The unit was one of three that Nokia retained following the sale of its handset business to Microsoft in 2013. Going forward, Nokia will be focussing on licensing out its patents and digital healthcare, rather than virtual reality or smartphones.
The move will lead to a loss of up to 310 jobs from the Nokia Technologies unit, which now employs roughly 1,090 people, with most of the eliminated positions in Finland, the USA and the United Kingdom.
The news comes on the eve of the Oculus Connect VR developers conference, which opens Wednesday in San Jose. On Tuesday, the company announced plans to kill off its expensive OZO professional VR camera and cut hundreds of jobs in the process. Powered by the research and innovation of Nokia Bell Labs, we serve communications service providers, governments, large enterprises and consumers, with the industry's most complete, end-to-end portfolio of products, services and licensing.

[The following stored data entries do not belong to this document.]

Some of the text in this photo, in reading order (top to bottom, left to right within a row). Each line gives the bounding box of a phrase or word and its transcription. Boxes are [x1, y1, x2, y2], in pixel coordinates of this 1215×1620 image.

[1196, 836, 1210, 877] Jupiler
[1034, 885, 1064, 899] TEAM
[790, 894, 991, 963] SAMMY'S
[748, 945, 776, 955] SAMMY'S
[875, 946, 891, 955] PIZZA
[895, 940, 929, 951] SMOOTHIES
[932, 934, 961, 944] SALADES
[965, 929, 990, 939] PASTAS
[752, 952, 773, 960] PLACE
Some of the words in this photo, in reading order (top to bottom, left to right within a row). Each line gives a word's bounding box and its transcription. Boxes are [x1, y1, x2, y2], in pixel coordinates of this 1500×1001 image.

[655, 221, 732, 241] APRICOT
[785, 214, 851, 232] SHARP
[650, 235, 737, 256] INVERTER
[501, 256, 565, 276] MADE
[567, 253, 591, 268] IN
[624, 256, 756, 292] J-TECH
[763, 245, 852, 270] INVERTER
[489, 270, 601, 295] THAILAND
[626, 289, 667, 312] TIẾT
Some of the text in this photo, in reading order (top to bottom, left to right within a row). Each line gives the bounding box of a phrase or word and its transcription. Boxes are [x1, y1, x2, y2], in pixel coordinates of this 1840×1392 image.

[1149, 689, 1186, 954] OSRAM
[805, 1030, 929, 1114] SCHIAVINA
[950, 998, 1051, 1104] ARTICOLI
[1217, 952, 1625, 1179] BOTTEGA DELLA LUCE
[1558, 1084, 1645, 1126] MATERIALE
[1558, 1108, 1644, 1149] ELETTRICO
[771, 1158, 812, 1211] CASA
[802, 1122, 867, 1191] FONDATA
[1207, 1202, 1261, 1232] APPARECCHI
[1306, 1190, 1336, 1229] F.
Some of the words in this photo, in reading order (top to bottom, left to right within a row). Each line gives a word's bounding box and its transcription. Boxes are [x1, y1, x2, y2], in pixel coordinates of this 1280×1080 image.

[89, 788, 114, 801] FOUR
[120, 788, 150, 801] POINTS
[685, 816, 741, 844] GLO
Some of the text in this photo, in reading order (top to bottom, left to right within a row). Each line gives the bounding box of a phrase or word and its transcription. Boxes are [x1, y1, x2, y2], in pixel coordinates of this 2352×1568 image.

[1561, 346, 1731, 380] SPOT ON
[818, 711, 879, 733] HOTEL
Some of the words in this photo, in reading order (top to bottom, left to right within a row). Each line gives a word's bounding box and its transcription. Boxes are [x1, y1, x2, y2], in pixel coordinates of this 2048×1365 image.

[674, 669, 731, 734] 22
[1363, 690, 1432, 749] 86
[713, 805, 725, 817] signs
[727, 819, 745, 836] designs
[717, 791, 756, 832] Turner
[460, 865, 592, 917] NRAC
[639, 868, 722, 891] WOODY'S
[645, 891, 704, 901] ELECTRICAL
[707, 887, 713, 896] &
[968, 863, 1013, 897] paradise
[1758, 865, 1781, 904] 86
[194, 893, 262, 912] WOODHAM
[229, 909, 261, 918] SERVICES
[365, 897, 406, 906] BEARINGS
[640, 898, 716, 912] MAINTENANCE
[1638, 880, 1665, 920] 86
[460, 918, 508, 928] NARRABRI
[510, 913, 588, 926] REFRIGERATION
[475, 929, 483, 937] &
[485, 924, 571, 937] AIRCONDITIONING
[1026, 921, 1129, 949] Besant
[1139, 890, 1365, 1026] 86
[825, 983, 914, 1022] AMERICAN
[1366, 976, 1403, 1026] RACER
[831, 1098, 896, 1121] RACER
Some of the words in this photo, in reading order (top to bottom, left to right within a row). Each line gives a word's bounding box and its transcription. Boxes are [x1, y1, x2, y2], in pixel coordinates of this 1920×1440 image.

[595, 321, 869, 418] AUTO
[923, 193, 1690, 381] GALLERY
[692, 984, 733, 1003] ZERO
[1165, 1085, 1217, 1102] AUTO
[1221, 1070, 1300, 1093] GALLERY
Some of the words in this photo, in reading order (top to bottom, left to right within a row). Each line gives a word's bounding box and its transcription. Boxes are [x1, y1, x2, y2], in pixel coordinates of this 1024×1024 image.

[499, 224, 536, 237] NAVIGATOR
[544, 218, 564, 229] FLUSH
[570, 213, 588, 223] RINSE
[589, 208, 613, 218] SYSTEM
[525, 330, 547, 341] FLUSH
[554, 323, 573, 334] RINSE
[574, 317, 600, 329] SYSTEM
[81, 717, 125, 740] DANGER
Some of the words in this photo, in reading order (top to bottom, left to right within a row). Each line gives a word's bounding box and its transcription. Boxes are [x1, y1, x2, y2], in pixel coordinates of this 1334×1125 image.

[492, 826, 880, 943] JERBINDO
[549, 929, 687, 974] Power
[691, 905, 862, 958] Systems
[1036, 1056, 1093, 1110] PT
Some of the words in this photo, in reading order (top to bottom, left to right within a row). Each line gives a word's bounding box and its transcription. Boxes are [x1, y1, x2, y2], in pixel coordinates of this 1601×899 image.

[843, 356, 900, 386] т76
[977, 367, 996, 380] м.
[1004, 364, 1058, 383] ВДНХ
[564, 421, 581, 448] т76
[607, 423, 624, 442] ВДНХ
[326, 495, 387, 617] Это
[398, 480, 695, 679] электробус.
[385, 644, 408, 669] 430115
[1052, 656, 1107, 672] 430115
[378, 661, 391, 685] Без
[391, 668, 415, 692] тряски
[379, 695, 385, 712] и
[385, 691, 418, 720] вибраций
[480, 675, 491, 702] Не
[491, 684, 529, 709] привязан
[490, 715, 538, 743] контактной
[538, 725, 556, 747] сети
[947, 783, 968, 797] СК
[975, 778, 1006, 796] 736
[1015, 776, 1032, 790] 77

Investment in this area will be reduced and future versions of its Ozo camera, unveiled in 2015, will be halted, the company said. "To start the process, Nokia invited employee representatives of Nokia Technologies in Finland to cooperation negotiations", said Gregory Lee, president of Nokia Technologies.
Nokia has now revealed that it will stop working on the Ozo VR camera and this will affect around 310 staff of Nokia Technologies. Currently, the unit has about 1,090 employees and the layoffs literally translate to 30 percent cut down to the workforce. Nokia announced the orb-shaped OZO camera, with 360-degree video capture, a little over two years ago.